Assignment » While copying the entries exactly, leave out each picture they contain.

Source material »
• • • • • • •

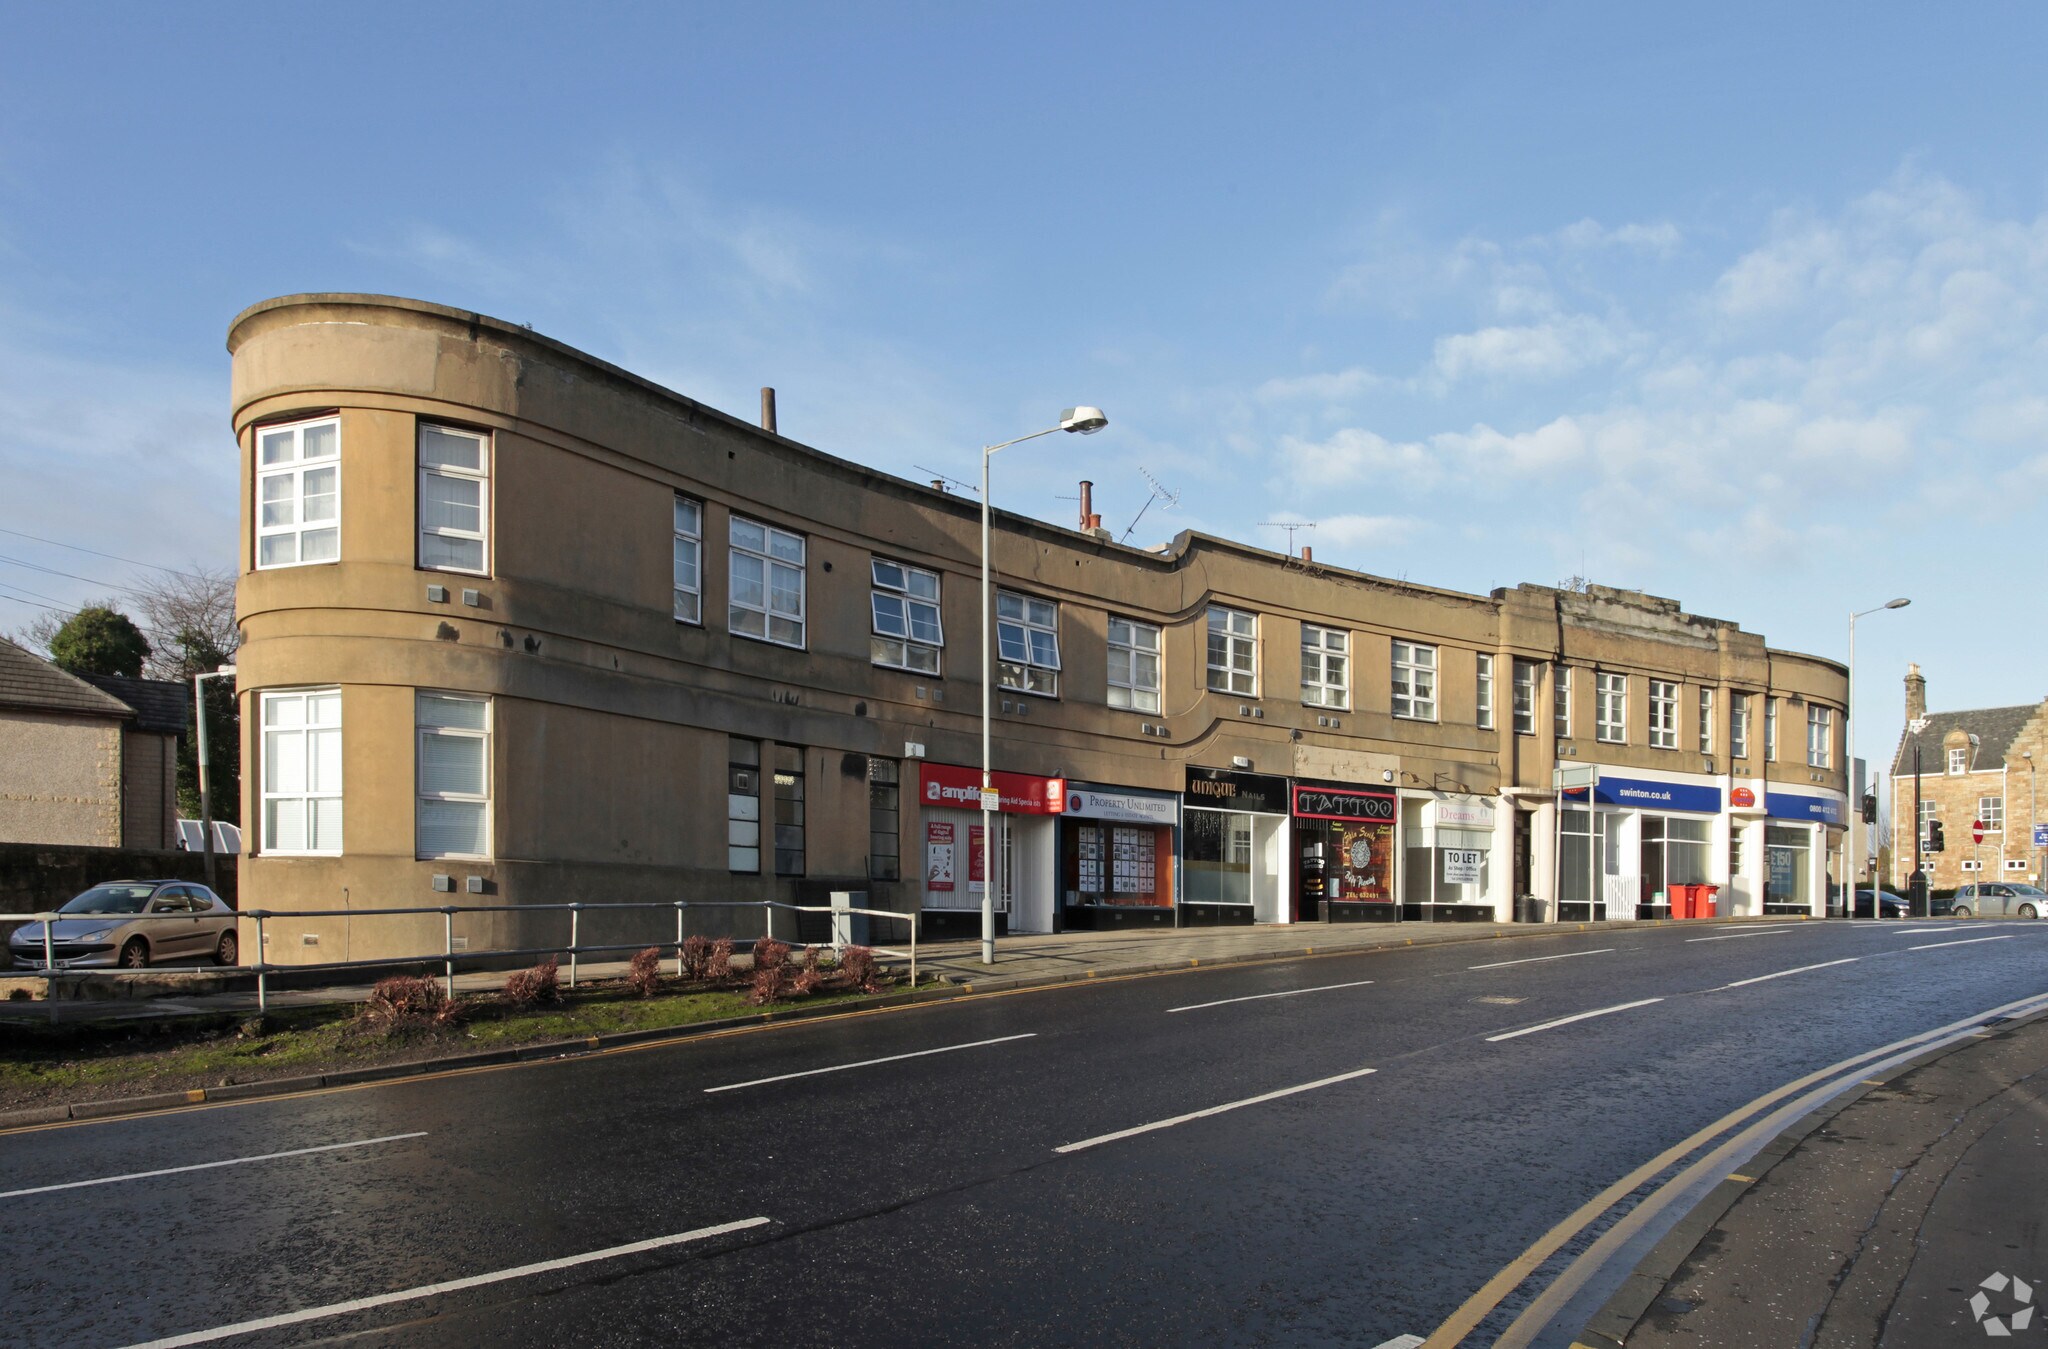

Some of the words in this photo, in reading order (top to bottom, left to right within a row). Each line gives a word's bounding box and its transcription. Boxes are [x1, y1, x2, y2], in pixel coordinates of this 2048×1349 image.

[942, 785, 981, 802] amplifo
[1620, 788, 1671, 800] swinton.co.uk
[1090, 795, 1126, 809] PROPERTY
[1127, 798, 1166, 812] UNLIMITED
[1299, 793, 1392, 817] TATTOO
[1809, 804, 1821, 813] 0800
[1441, 807, 1475, 820] Dreams
[1448, 852, 1459, 863] TO
[1462, 853, 1477, 864] LET
[1771, 851, 1791, 866] £150
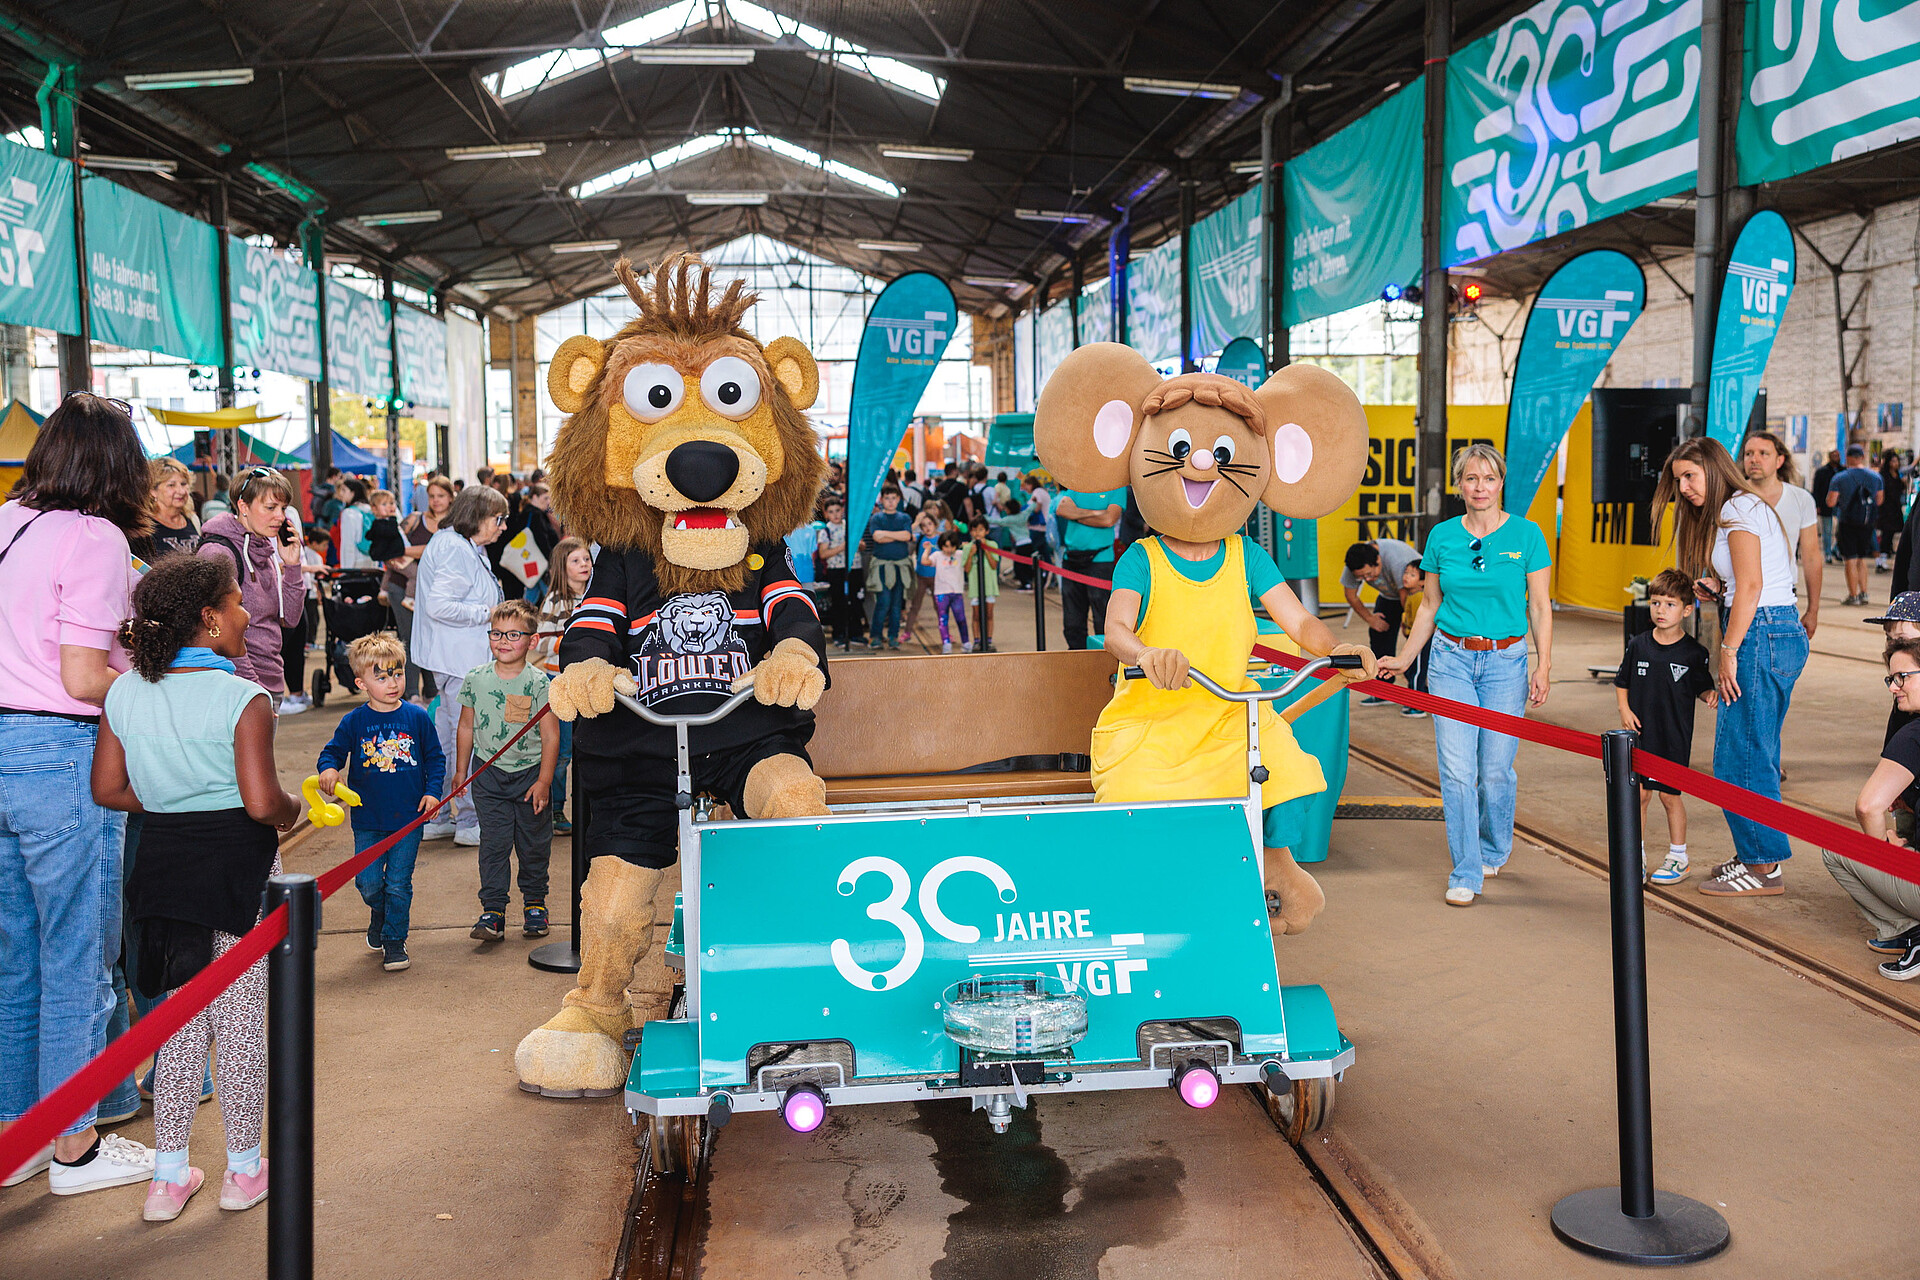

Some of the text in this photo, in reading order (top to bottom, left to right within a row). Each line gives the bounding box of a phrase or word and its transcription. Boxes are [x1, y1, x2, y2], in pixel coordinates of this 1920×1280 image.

[1293, 214, 1352, 260] Alle fahren mit.
[92, 251, 160, 294] Alle fahren mit.
[1292, 264, 1308, 292] Seit
[1319, 253, 1349, 282] Jahren.
[1742, 258, 1789, 314] VGF
[94, 282, 160, 322] Seit 30 Jahren.
[1557, 290, 1634, 338] VGF
[886, 311, 947, 355] VGF
[639, 651, 751, 696] LÖWEN
[652, 681, 731, 699] FRANKFUR
[1638, 667, 1647, 676] ES
[366, 724, 380, 733] PAW
[993, 908, 1094, 943] JAHRE
[1056, 933, 1148, 996] VGF
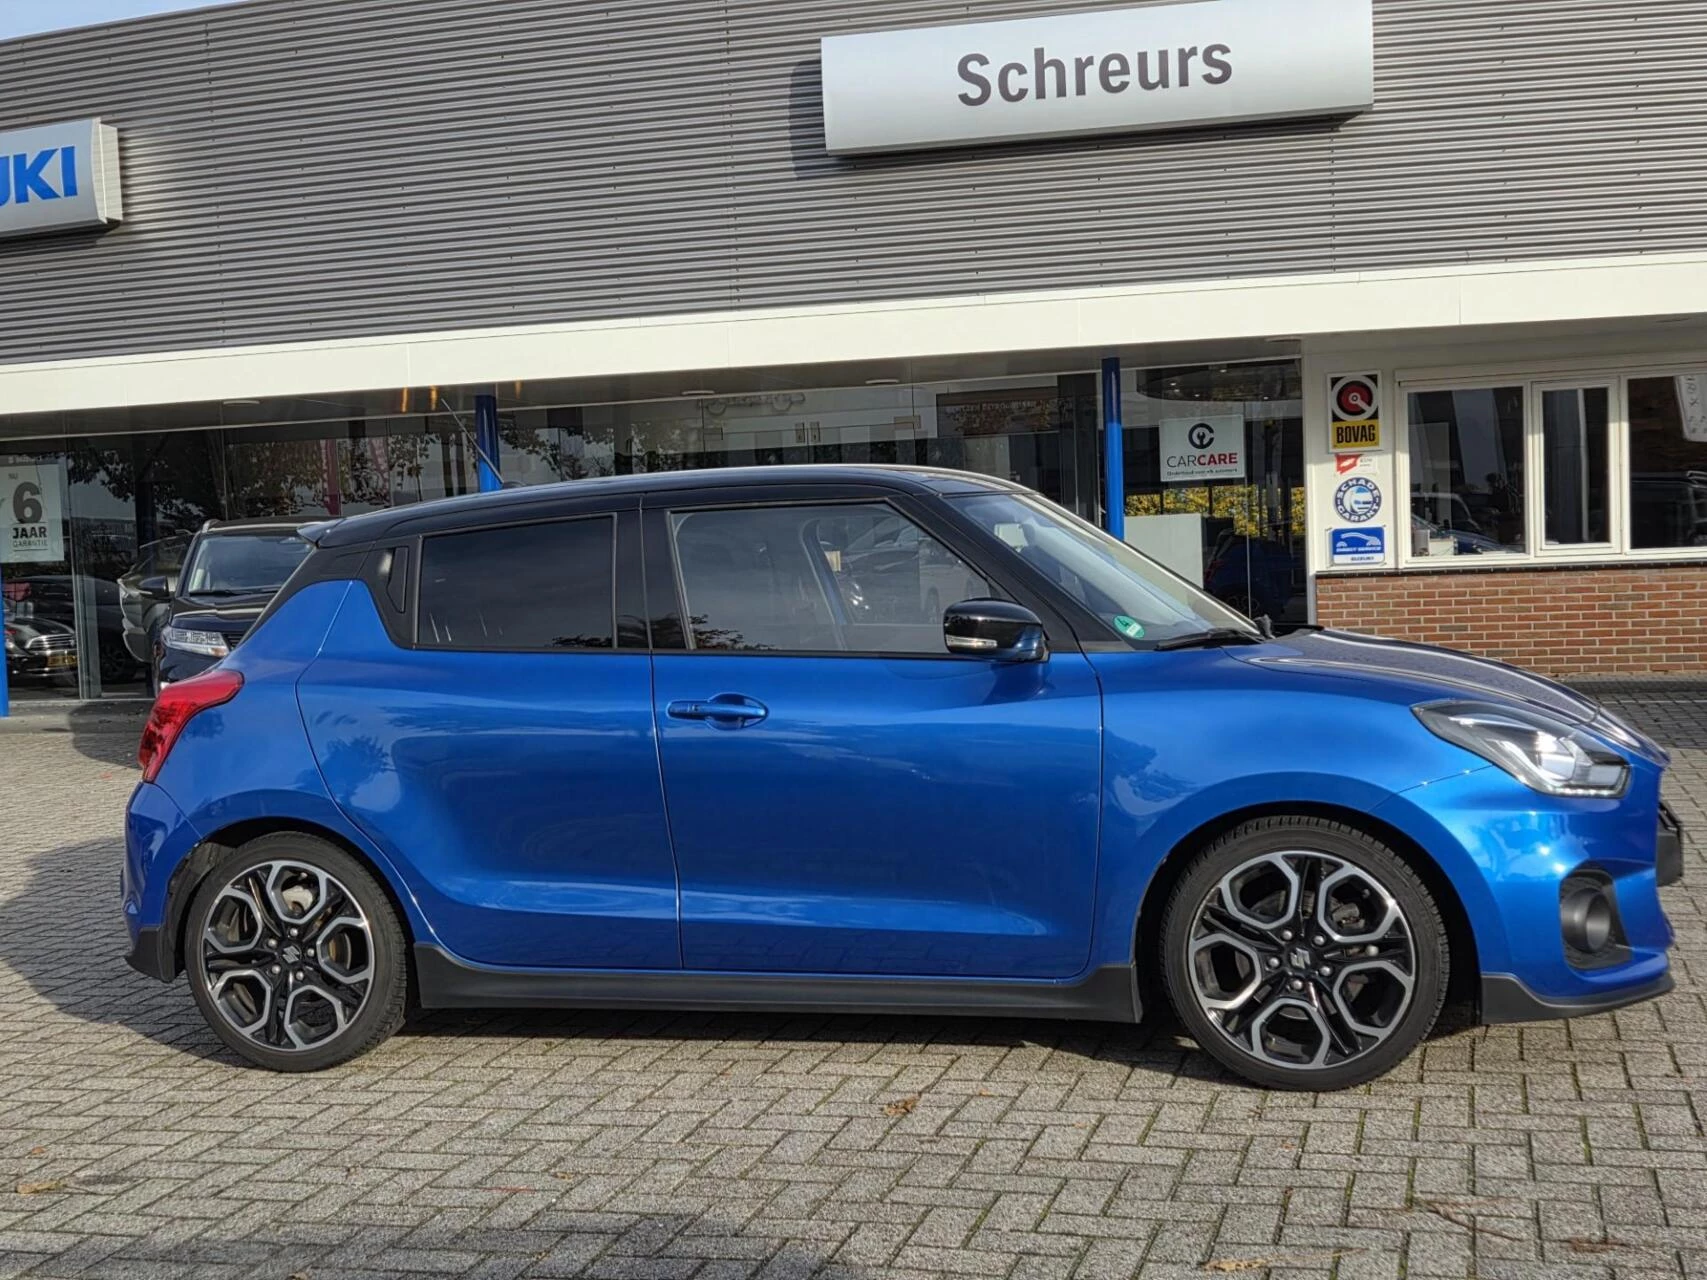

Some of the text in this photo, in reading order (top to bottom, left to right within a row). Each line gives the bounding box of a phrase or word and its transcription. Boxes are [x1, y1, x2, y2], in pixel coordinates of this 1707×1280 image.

• • • • • • •

Task result »
Some of the words in this photo, in reading order (top to bottom, left to right within a row). Each line gives a word's bounding box and its transcription. Boxes are [x1, y1, x2, y2], in pixel coordinates of this 2048×1349 image.

[942, 785, 981, 802] amplifo
[1620, 788, 1671, 800] swinton.co.uk
[1090, 795, 1126, 809] PROPERTY
[1127, 798, 1166, 812] UNLIMITED
[1299, 793, 1392, 817] TATTOO
[1809, 804, 1821, 813] 0800
[1441, 807, 1475, 820] Dreams
[1448, 852, 1459, 863] TO
[1462, 853, 1477, 864] LET
[1771, 851, 1791, 866] £150

Some of the text in this photo, in reading order (top to bottom, left to right within a row). Each line gives the bounding box of a phrase or word and its transcription. Boxes are [x1, y1, x2, y2], in pixel coordinates of this 1920×1280 image.

[1293, 214, 1352, 260] Alle fahren mit.
[92, 251, 160, 294] Alle fahren mit.
[1292, 264, 1308, 292] Seit
[1319, 253, 1349, 282] Jahren.
[1742, 258, 1789, 314] VGF
[94, 282, 160, 322] Seit 30 Jahren.
[1557, 290, 1634, 338] VGF
[886, 311, 947, 355] VGF
[639, 651, 751, 696] LÖWEN
[652, 681, 731, 699] FRANKFUR
[1638, 667, 1647, 676] ES
[366, 724, 380, 733] PAW
[993, 908, 1094, 943] JAHRE
[1056, 933, 1148, 996] VGF

Some of the text in this photo, in reading order (top to bottom, left to right within a row). Each line gives the bounding box of a phrase or word and its transcription. Boxes are [x1, y1, x2, y2], in pixel coordinates of this 1707×1280 image.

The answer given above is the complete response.